- GOAL OF THE EXERCISE
Give back every record below in full and exactly, but without a single image.

-- DATA SUPPLIED follows --

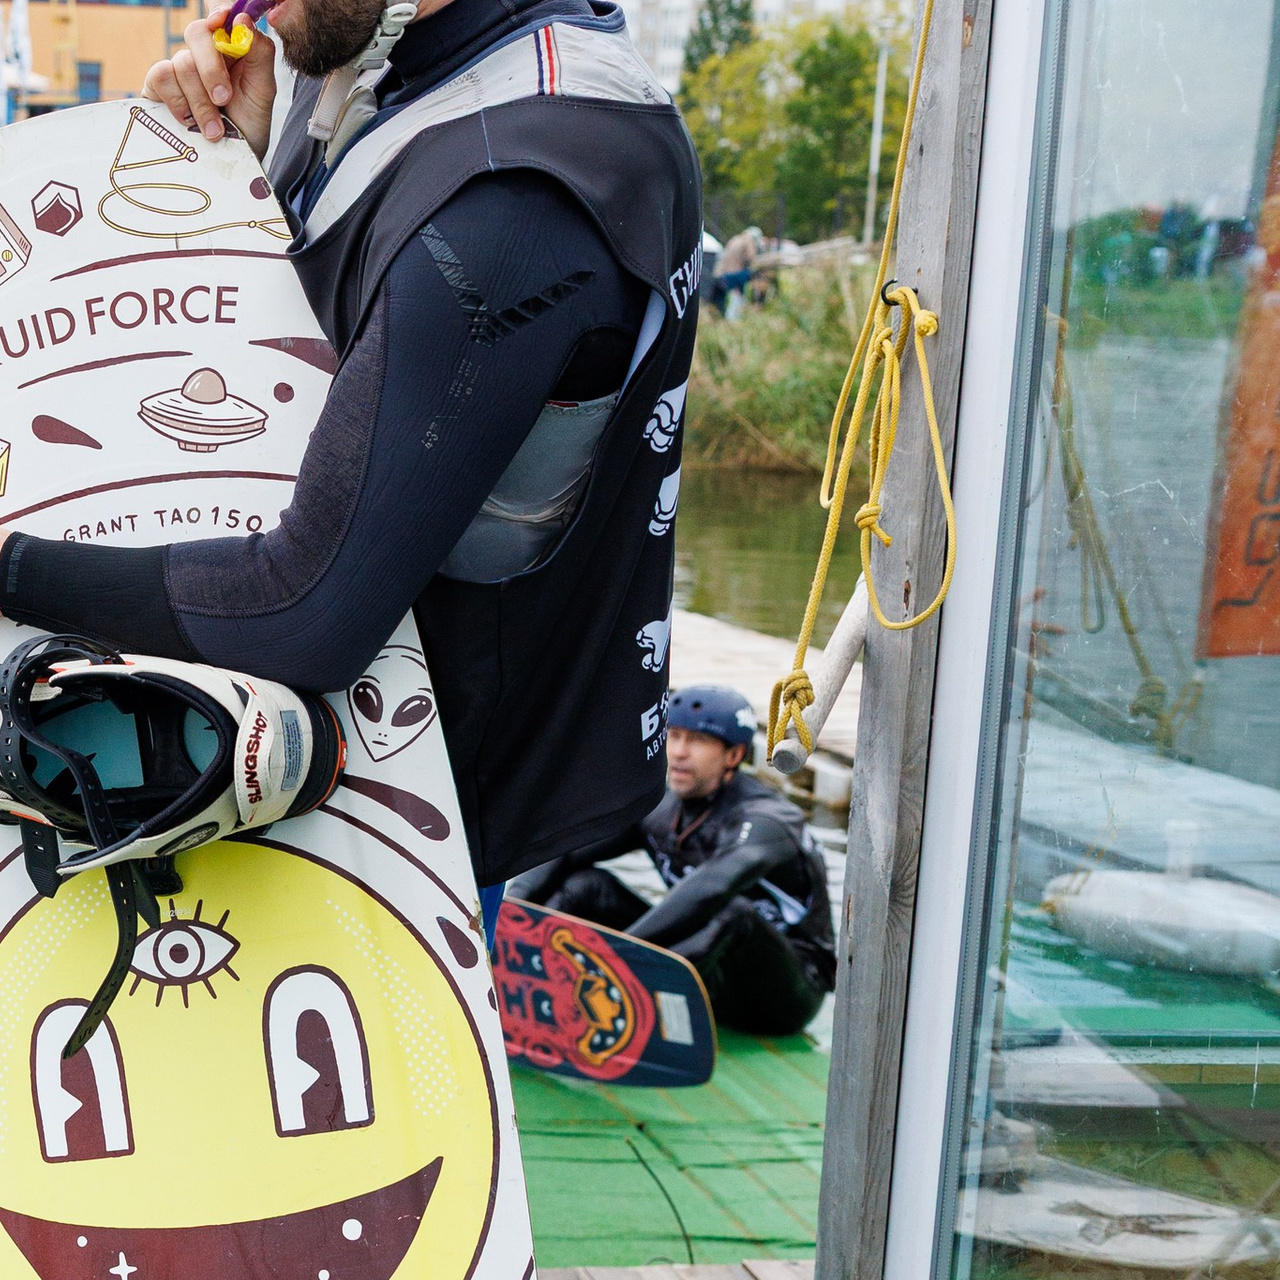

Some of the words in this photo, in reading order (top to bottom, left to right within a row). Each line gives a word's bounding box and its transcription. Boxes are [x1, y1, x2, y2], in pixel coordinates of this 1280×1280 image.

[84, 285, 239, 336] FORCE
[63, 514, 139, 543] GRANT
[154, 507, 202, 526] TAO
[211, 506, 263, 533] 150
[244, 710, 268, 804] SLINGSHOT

-- DATA SUPPLIED concluded --

- SOLUTION TO THIS EXERCISE
Some of the words in this photo, in reading order (top to bottom, left to right within a row). Each line gives a word's bounding box and its transcription. Boxes are [x1, y1, x2, y2], in pixel coordinates of this 1280×1280 image.

[84, 285, 239, 336] FORCE
[63, 514, 139, 543] GRANT
[154, 507, 202, 526] TAO
[211, 506, 263, 533] 150
[244, 710, 268, 804] SLINGSHOT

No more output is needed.